§ Work to be completed:
Every entry below should be restated word for word, except for its images.

[Material shown Boundary: Start]

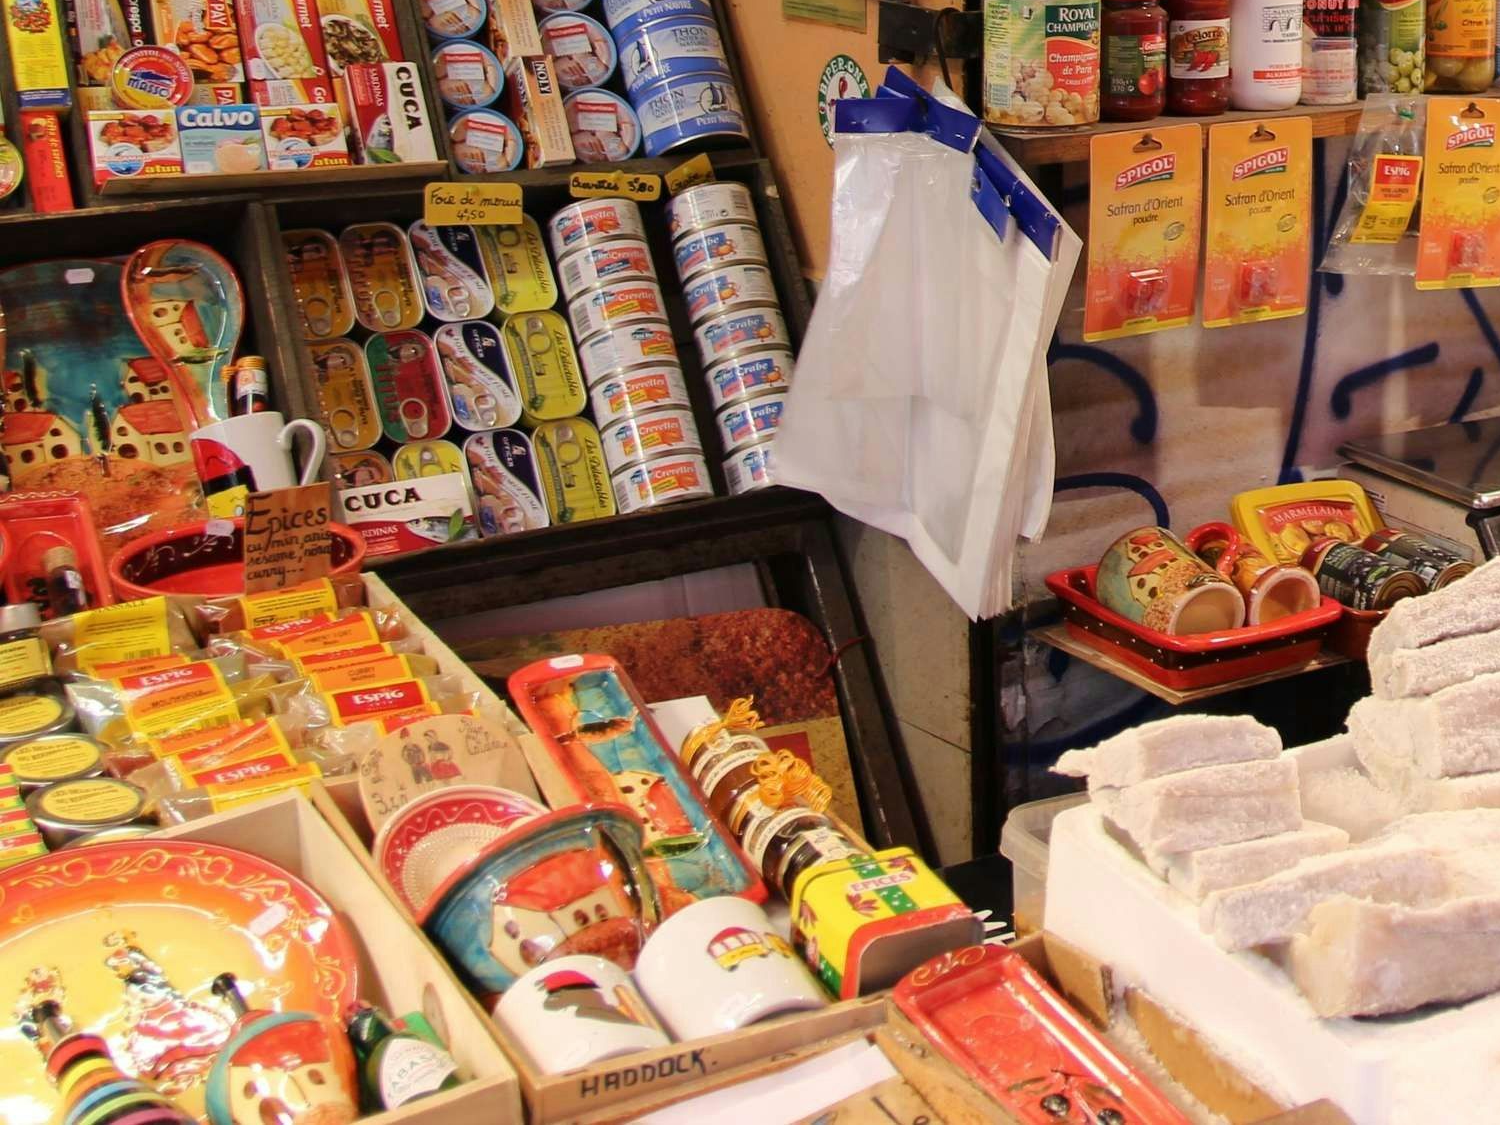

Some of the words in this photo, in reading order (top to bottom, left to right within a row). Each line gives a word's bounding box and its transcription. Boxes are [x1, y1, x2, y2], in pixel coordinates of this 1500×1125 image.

[1059, 7, 1096, 23] ROYAL
[532, 62, 551, 94] NOLY
[395, 65, 424, 131] CUCA
[179, 108, 256, 128] Calvo
[1446, 124, 1496, 151] SPIGOL
[1114, 153, 1176, 191] SPIGOL
[1232, 147, 1289, 182] SPIGOL
[1437, 162, 1467, 176] Safran
[459, 195, 476, 205] de
[1106, 200, 1141, 218] Safran
[1142, 194, 1185, 212] d'Orient
[1224, 191, 1257, 208] Safran
[1258, 188, 1296, 204] d'Orient
[726, 317, 761, 332] Crabe
[736, 361, 768, 376] Crabe
[343, 486, 423, 513] CUCA
[1272, 504, 1346, 526] MARMELADA
[360, 524, 400, 539] RDINAS
[141, 667, 193, 687] ESPIG
[351, 689, 405, 706] ESPIG
[214, 761, 271, 783] ESPIG
[850, 871, 913, 893] EPICES
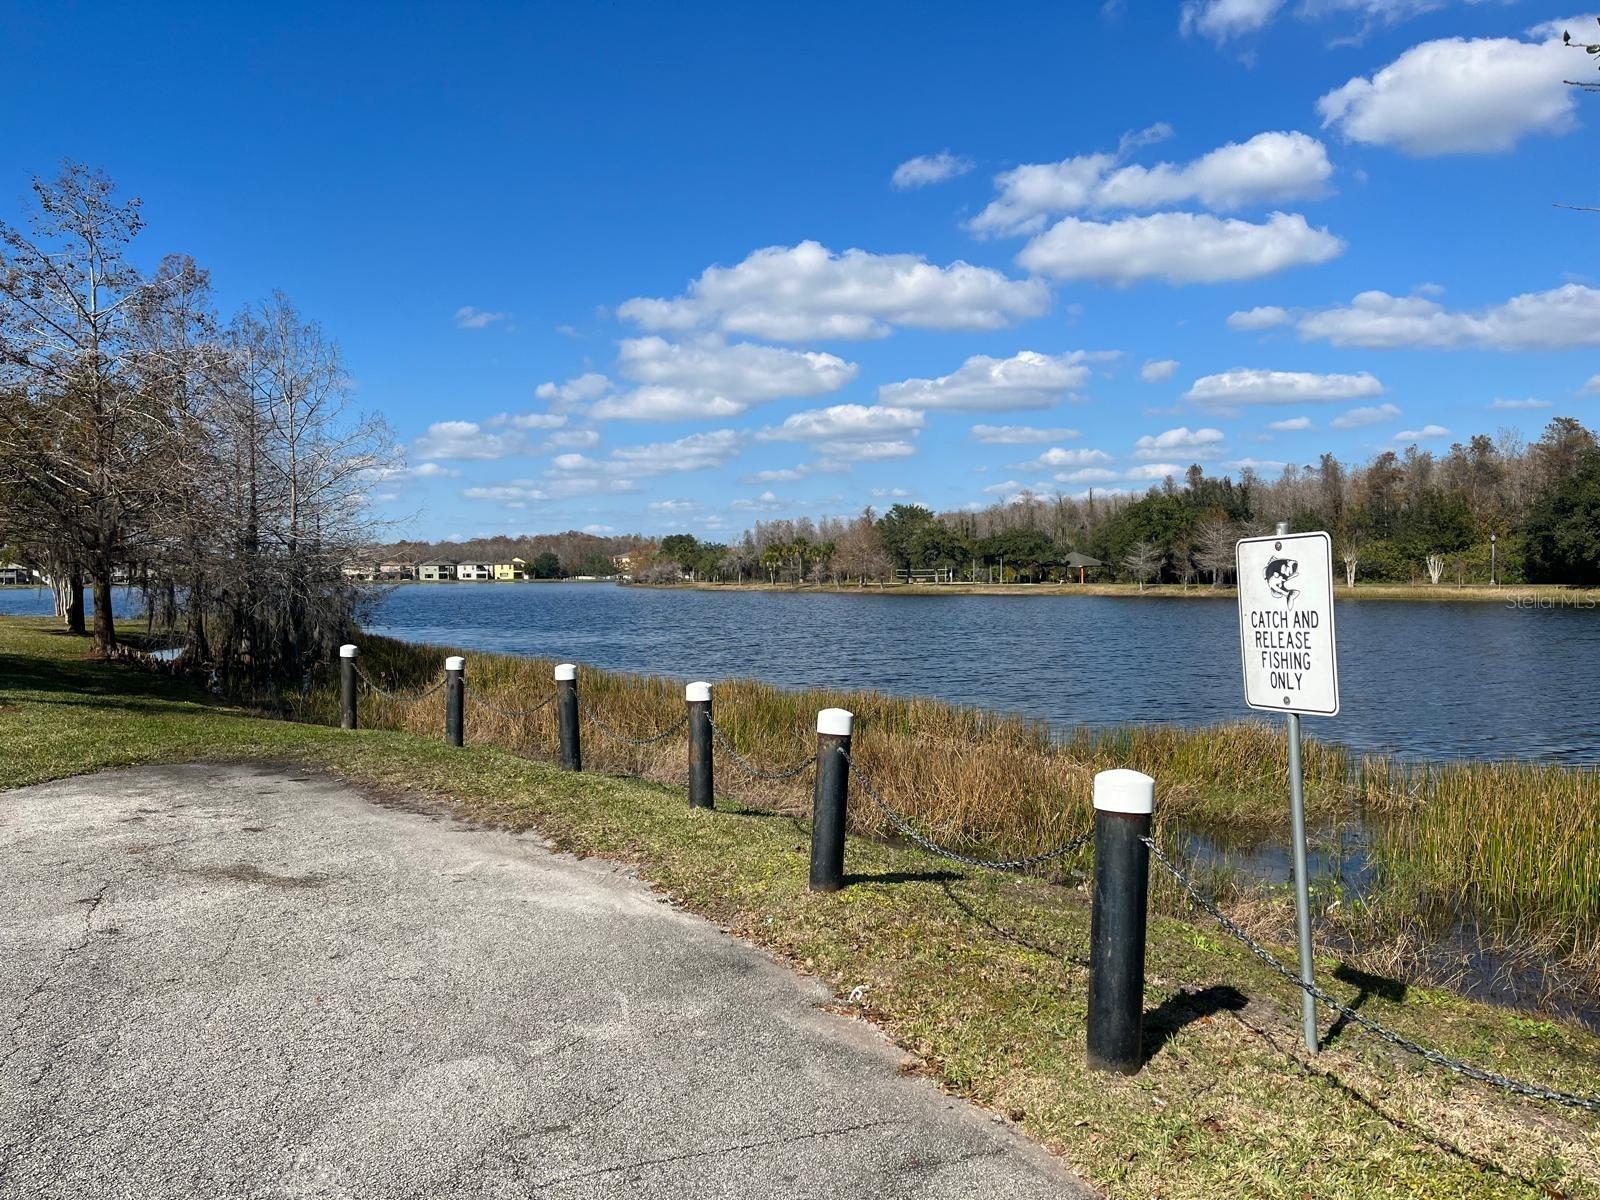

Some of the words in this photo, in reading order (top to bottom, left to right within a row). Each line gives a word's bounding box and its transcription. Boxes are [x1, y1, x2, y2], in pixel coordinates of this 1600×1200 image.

[1251, 610, 1288, 629] CATCH
[1293, 610, 1319, 629] AND
[1255, 631, 1311, 650] RELEASE
[1262, 651, 1311, 670] FISHING
[1270, 671, 1302, 690] ONLY

[Material shown Boundary: End]

§ Task result:
Some of the words in this photo, in reading order (top to bottom, left to right within a row). Each line gives a word's bounding box and its transcription. Boxes are [x1, y1, x2, y2], in pixel coordinates of this 1500×1125 image.

[1059, 7, 1096, 23] ROYAL
[532, 62, 551, 94] NOLY
[395, 65, 424, 131] CUCA
[179, 108, 256, 128] Calvo
[1446, 124, 1496, 151] SPIGOL
[1114, 153, 1176, 191] SPIGOL
[1232, 147, 1289, 182] SPIGOL
[1437, 162, 1467, 176] Safran
[459, 195, 476, 205] de
[1106, 200, 1141, 218] Safran
[1142, 194, 1185, 212] d'Orient
[1224, 191, 1257, 208] Safran
[1258, 188, 1296, 204] d'Orient
[726, 317, 761, 332] Crabe
[736, 361, 768, 376] Crabe
[343, 486, 423, 513] CUCA
[1272, 504, 1346, 526] MARMELADA
[360, 524, 400, 539] RDINAS
[141, 667, 193, 687] ESPIG
[351, 689, 405, 706] ESPIG
[214, 761, 271, 783] ESPIG
[850, 871, 913, 893] EPICES

Some of the words in this photo, in reading order (top to bottom, left to right within a row). Each line gives a word's bounding box and its transcription. Boxes are [x1, y1, x2, y2], in pixel coordinates of this 1600×1200 image.

[1251, 610, 1288, 629] CATCH
[1293, 610, 1319, 629] AND
[1255, 631, 1311, 650] RELEASE
[1262, 651, 1311, 670] FISHING
[1270, 671, 1302, 690] ONLY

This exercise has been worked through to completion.